Through our proposed implementation plans we hope to contribute to the development of a new diclofenac-detoxifying solution which could be integrated at wastewater treatment plants (WWTP). The current removal efficiency of diclofenac at our local WWTP is only 27%, which is a lot lower than for many other compounds. To tackle that local problem with synthetic biology, our solution is to create a closed photobioreactor system in which the laccase enzymes would be produced by genetically modified cyanobacteria. Cyanobacteria provide a sustainable production alternative for heterotrophic systems as they are photoautotrophic organisms.

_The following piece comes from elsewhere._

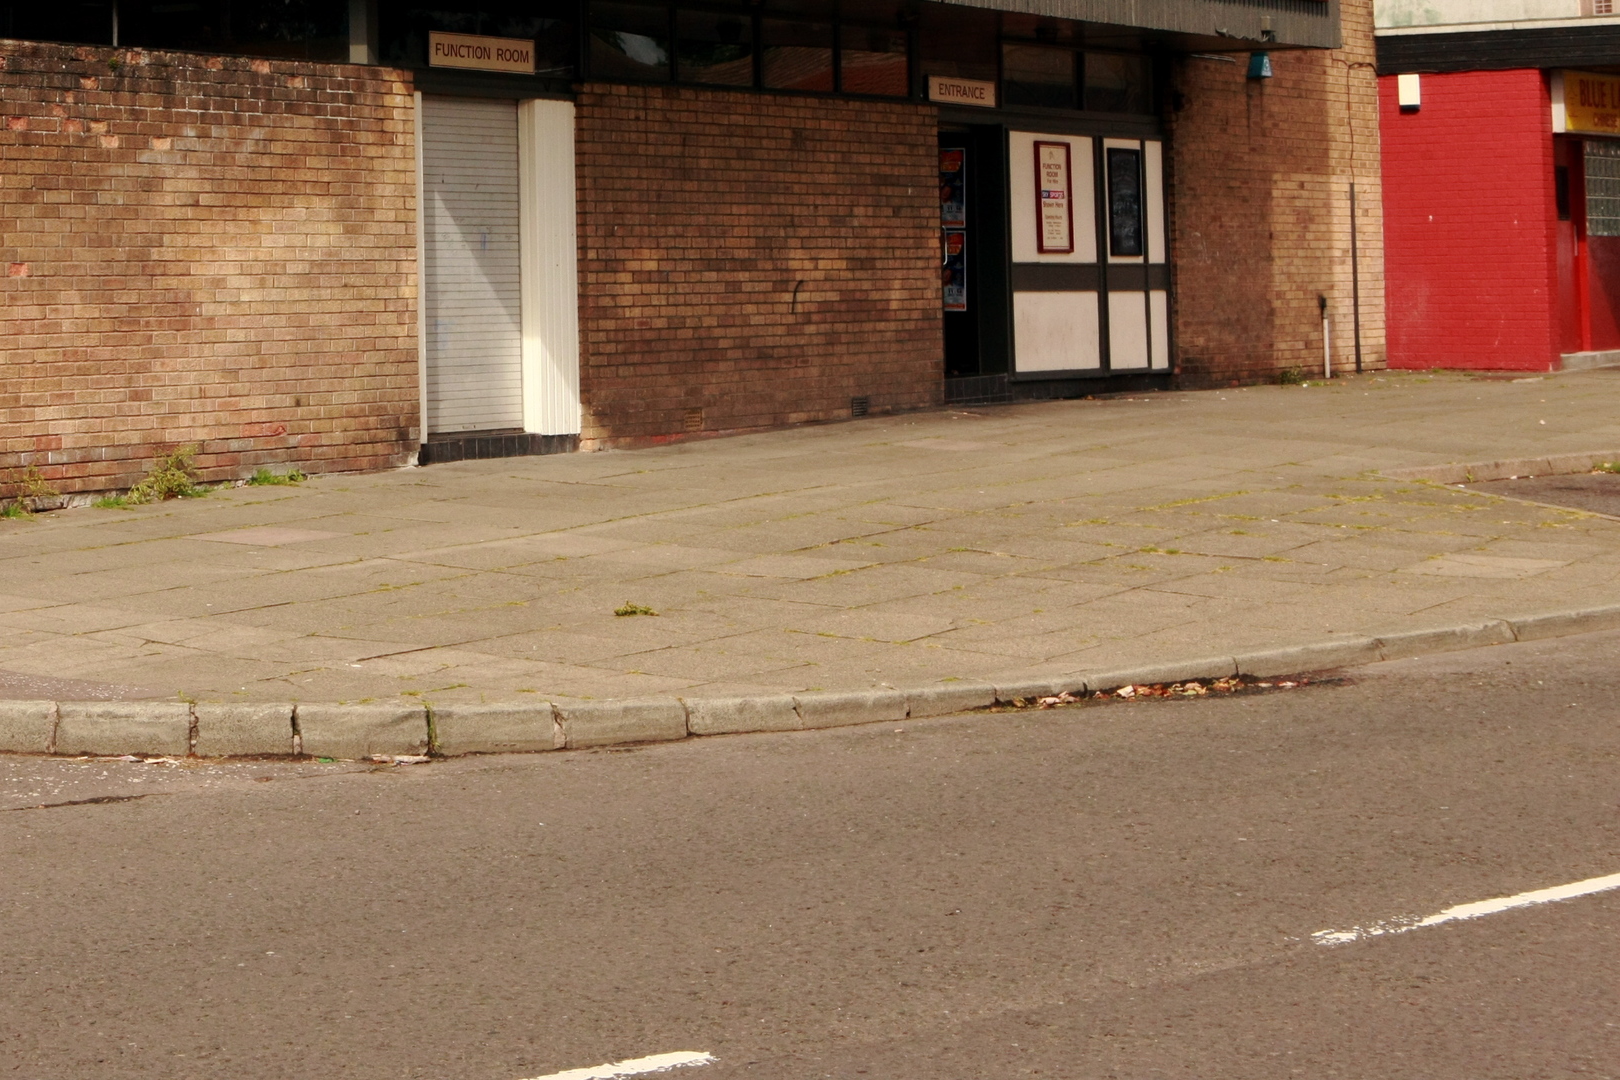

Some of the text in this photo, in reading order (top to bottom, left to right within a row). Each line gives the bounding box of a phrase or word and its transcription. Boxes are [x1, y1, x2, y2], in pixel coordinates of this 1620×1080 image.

[435, 42, 530, 64] FUNCTION ROOM
[938, 82, 986, 100] ENTRANCE
[1579, 79, 1607, 108] BLUE

This means that they get their energy from light, carbon dioxide and water, as opposed to for example organic compounds that are often produced in ethically questionable ways. The produced enzymes from the cyanobacteria would flow from the closed system through a filter first to a so-called “kill tank” and after that through a second filter to the wastewater. This is done to prevent any genetically modified organisms (GMOs) from being released from the system.
Our system would make use of all recent advancements regarding photobioreactor design. This includes, for example, the measures taken to improve light conditions to make them as uniform within the culture as possible. Preventing major light fluctuations caused by shadowing is important for optimal cyanobacteria cultivation, if we would want them to produce laccases at their highest capacity.
We have consulted our local WWTP (Turun Seudun Puhdistamo Oy) about the proposed implementation of our system. According to them, our solution could be added either right before or after the process called aeration. In that phase microbes remove organic material and nitrogen from wastewater. The beginning of the aeration phase is technically the first reasonable point to add our laccases because before that, conditions and processing is so harsh that the laccases would get denatured. After the aeration phase there are only two phases left in the purification process; secondary clarification phase and sand filtration phase. That means that our laccases would still have time to detoxify diclofenac before the water leaves the wastewater treatment process, but would not be denatured in the process.
All systems containing genetically modified organisms should contain features that minimize biocontainment related hazards. For this reason, also our plans include multiple design elements specifically targeting biosafety issues. This is done even though the engineered cyanobacteria could only accidentally be released from our closed photobioreactor system.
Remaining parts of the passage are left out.